Fighting Cancer with Novel Antibiotics
Main Article Content
Abstract
Record ID: 191
Award(s): Excellence in Undergraduate Research Mentorship; Excellence in Research Communication
Program Affiliation: NA
Presentation Type: Poster
Abstract: Despite current therapies, tumor relapse and therapy resistance present as significant obstacles to successful management of cancer. Cancer stem cells (CSCs) play a crucial role in the development and recurrence of cancer. CSCs are a subpopulation within tumors capable of self-renewal and differentiation into various cell types within tumors. Furthermore, CSCs are thought to drive tumor recurrence after treatment. Even if the majority of tumor cells are eliminated by therapy, CSCs can survive and repopulate the tumor, leading to cancer relapse. However, identifying and effectively targeting CSCs remains a significant challenge. Recent studies have shown that specific antibiotics can effectively inhibit various types of CSCs (breast, ovarian, prostate, lung, pancreatic, melanoma, and glioblastoma cancers).
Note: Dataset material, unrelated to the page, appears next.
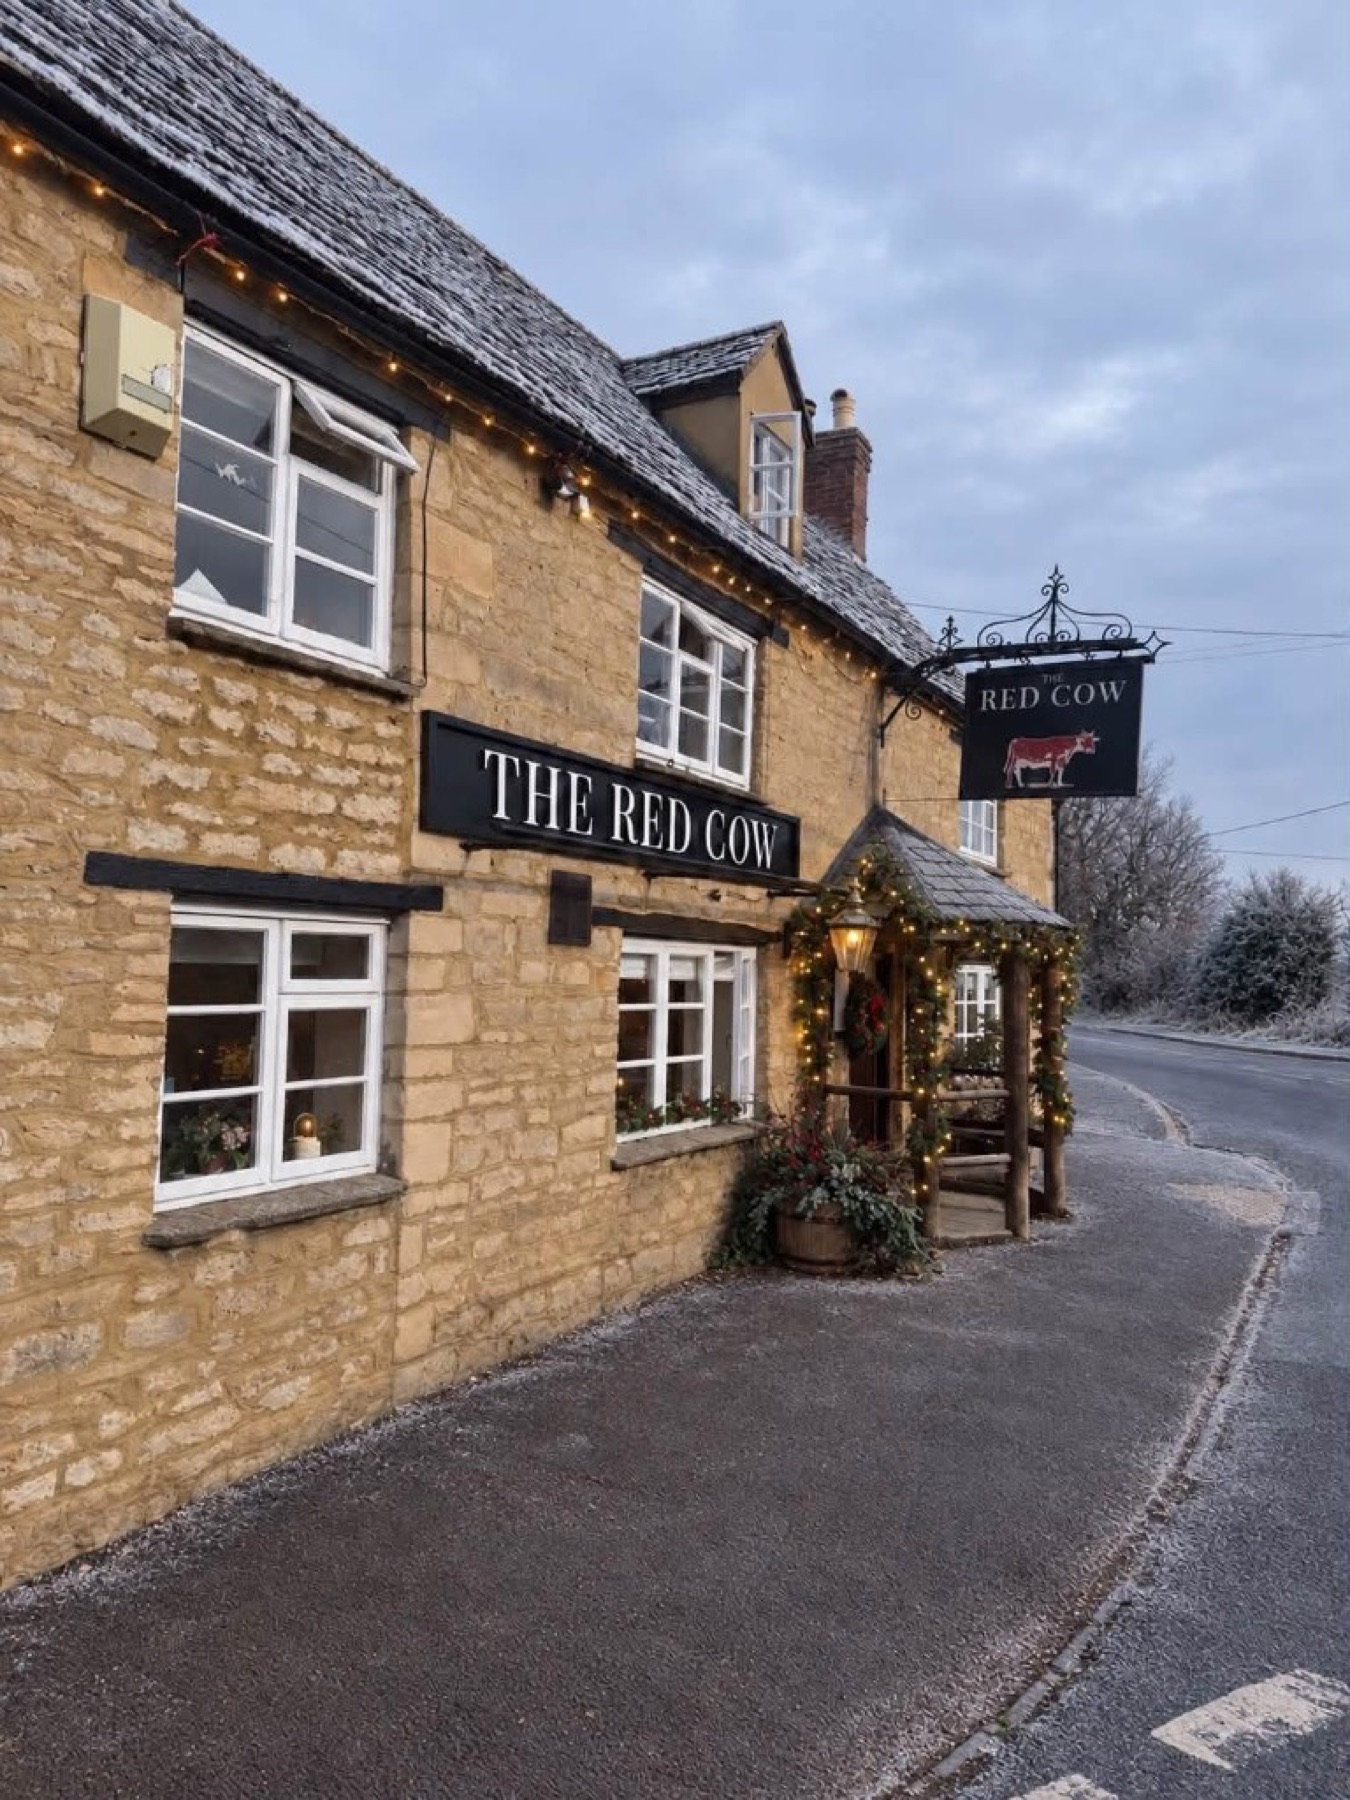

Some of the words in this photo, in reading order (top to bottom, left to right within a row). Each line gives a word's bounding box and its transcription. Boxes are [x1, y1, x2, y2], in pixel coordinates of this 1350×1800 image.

Due to the impact of antibiotics on CSC function, targeting CSCs is a promising strategy for improving outcomes in cancer patients by preventing recurrence and enhancing treatment efficacy. Our preliminary studies have identified several extracts from bacterial antibiotic producers that can inhibit multiple CSC-derived tumorsphere types (breast, lung, and prostate) in cultured human cancer cell lines. Tumorsphere formation is a widely accepted technique used to quantitate CSC activity and a reliable method to screen for novel anti-CSC agents. Our objective for this Spring semester is to analyze the gene expression patterns of CSC-associated markers and their impact on tumorsphere quantity and dimensions within cultured A549 human lung cancer cells, compared to healthy lung cells. These studies will provide a baseline for assessing changes in gene expression patterns and tumorsphere morphology following treatment with bacterial extracts.